What the task requires - All lines from the one containing "this 2048×1536 image." through the end of the entries below should appear in the answer exactly, with no others.

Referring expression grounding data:
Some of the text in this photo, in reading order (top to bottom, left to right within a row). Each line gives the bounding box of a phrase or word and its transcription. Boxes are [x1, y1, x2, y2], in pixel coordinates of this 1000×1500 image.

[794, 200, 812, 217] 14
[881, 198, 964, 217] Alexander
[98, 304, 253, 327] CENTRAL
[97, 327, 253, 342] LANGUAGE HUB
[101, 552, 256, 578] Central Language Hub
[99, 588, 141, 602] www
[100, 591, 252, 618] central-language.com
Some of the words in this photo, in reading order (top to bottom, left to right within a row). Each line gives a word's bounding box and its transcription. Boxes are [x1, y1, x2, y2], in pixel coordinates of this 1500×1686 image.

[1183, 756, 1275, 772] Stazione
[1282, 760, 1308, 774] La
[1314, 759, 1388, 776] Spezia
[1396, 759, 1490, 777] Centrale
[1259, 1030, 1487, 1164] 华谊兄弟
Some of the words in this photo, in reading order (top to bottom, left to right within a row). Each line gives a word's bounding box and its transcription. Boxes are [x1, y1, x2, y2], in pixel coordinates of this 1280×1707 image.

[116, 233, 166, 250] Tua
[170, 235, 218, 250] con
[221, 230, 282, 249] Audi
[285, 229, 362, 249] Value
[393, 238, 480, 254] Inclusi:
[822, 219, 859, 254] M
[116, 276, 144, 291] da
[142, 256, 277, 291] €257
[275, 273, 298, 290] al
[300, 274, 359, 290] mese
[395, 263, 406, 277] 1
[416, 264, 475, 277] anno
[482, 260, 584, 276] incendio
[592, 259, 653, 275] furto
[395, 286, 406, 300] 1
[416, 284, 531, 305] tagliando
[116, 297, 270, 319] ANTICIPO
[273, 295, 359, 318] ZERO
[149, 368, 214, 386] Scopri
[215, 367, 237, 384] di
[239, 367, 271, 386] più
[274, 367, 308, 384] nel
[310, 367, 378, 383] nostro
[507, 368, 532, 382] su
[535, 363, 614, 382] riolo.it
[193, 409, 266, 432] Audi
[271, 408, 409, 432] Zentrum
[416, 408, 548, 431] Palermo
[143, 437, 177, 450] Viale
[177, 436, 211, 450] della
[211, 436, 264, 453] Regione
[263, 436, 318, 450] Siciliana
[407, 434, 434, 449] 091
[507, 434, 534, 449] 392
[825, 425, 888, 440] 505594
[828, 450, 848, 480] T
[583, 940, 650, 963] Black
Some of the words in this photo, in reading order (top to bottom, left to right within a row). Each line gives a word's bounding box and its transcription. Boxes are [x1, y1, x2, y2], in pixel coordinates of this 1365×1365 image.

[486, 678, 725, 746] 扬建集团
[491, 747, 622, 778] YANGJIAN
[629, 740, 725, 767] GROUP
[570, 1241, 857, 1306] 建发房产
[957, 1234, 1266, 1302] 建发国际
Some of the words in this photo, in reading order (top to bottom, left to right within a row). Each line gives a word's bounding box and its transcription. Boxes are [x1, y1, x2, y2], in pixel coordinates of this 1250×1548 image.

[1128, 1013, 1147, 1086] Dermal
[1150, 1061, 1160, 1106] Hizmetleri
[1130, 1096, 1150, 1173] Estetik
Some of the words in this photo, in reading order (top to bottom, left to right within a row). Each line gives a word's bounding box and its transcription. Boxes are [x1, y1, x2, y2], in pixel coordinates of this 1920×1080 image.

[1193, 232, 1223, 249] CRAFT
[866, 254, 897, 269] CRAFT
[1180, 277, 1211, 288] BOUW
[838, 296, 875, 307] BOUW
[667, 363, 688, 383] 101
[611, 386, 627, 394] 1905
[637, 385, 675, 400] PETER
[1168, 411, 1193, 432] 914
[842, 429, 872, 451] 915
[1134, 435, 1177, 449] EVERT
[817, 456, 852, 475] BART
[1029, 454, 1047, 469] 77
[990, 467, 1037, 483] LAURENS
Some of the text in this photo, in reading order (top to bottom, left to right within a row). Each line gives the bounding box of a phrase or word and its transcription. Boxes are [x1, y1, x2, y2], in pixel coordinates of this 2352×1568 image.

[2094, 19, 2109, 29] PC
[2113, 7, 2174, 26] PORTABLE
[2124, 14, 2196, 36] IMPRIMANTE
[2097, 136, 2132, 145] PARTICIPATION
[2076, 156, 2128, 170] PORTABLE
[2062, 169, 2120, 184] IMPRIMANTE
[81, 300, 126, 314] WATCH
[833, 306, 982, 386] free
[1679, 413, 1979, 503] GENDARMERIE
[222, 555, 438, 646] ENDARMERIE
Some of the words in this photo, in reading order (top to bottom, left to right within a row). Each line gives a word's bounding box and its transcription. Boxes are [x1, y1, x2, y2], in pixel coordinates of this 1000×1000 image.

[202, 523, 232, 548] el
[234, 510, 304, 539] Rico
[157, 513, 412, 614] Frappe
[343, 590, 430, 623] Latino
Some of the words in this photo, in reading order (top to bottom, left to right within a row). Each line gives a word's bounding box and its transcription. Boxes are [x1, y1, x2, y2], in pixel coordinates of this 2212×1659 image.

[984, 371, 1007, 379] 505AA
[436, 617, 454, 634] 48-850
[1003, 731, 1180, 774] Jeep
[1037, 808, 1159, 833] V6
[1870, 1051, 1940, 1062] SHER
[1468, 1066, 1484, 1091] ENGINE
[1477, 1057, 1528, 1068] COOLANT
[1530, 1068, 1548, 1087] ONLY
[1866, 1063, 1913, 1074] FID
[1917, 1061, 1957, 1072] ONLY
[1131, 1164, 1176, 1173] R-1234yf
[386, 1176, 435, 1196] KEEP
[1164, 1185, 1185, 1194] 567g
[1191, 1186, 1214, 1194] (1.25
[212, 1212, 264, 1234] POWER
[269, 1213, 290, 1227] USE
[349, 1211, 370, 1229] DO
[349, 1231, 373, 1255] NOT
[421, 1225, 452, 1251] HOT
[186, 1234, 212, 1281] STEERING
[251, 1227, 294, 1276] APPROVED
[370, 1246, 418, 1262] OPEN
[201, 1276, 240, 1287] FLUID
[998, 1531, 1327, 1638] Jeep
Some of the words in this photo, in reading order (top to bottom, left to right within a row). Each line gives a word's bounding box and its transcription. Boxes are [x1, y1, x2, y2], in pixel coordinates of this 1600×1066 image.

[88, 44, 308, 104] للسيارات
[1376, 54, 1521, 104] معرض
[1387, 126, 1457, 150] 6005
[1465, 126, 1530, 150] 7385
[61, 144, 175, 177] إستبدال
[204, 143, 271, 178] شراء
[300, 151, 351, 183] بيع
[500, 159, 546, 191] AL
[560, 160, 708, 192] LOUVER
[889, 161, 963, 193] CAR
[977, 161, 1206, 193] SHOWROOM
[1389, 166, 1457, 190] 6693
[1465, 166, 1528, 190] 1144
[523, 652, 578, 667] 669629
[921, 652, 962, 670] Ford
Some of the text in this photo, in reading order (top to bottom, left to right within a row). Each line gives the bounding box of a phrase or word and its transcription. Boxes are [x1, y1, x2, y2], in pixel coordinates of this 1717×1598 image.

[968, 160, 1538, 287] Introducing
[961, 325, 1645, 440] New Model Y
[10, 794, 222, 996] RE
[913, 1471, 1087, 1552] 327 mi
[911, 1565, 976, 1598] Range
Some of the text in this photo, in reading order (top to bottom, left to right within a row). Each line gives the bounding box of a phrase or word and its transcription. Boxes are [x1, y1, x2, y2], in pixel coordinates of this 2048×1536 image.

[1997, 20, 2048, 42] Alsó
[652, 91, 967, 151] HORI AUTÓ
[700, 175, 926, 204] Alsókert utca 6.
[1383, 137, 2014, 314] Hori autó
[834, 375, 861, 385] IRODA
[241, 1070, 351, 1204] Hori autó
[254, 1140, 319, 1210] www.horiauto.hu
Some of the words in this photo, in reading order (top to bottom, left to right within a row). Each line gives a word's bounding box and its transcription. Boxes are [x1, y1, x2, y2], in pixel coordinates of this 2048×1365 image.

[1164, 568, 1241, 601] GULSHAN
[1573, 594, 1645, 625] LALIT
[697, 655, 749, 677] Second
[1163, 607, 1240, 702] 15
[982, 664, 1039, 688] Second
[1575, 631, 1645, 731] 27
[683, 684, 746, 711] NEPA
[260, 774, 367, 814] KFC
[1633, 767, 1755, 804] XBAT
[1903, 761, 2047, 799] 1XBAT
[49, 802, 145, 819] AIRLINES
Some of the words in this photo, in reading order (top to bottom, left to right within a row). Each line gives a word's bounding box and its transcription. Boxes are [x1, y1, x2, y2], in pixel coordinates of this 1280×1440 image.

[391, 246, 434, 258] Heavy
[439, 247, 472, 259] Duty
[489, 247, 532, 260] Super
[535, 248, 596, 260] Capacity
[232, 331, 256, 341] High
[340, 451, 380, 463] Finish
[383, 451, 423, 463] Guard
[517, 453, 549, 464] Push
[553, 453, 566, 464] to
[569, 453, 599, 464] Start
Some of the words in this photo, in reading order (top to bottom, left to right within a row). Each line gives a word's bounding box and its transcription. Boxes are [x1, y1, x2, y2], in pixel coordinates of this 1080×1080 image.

Response -
Some of the text in this photo, in reading order (top to bottom, left to right within a row). Each line gives the bounding box of a phrase or word and its transcription. Boxes are [x1, y1, x2, y2], in pixel coordinates of this 2048×1536 image.

[1997, 20, 2048, 42] Alsó
[652, 91, 967, 151] HORI AUTÓ
[700, 175, 926, 204] Alsókert utca 6.
[1383, 137, 2014, 314] Hori autó
[834, 375, 861, 385] IRODA
[241, 1070, 351, 1204] Hori autó
[254, 1140, 319, 1210] www.horiauto.hu
Some of the words in this photo, in reading order (top to bottom, left to right within a row). Each line gives a word's bounding box and its transcription. Boxes are [x1, y1, x2, y2], in pixel coordinates of this 2048×1365 image.

[1164, 568, 1241, 601] GULSHAN
[1573, 594, 1645, 625] LALIT
[697, 655, 749, 677] Second
[1163, 607, 1240, 702] 15
[982, 664, 1039, 688] Second
[1575, 631, 1645, 731] 27
[683, 684, 746, 711] NEPA
[260, 774, 367, 814] KFC
[1633, 767, 1755, 804] XBAT
[1903, 761, 2047, 799] 1XBAT
[49, 802, 145, 819] AIRLINES
Some of the words in this photo, in reading order (top to bottom, left to right within a row). Each line gives a word's bounding box and its transcription. Boxes are [x1, y1, x2, y2], in pixel coordinates of this 1280×1440 image.

[391, 246, 434, 258] Heavy
[439, 247, 472, 259] Duty
[489, 247, 532, 260] Super
[535, 248, 596, 260] Capacity
[232, 331, 256, 341] High
[340, 451, 380, 463] Finish
[383, 451, 423, 463] Guard
[517, 453, 549, 464] Push
[553, 453, 566, 464] to
[569, 453, 599, 464] Start
Some of the words in this photo, in reading order (top to bottom, left to right within a row). Each line gives a word's bounding box and its transcription. Boxes are [x1, y1, x2, y2], in pixel coordinates of this 1080×1080 image.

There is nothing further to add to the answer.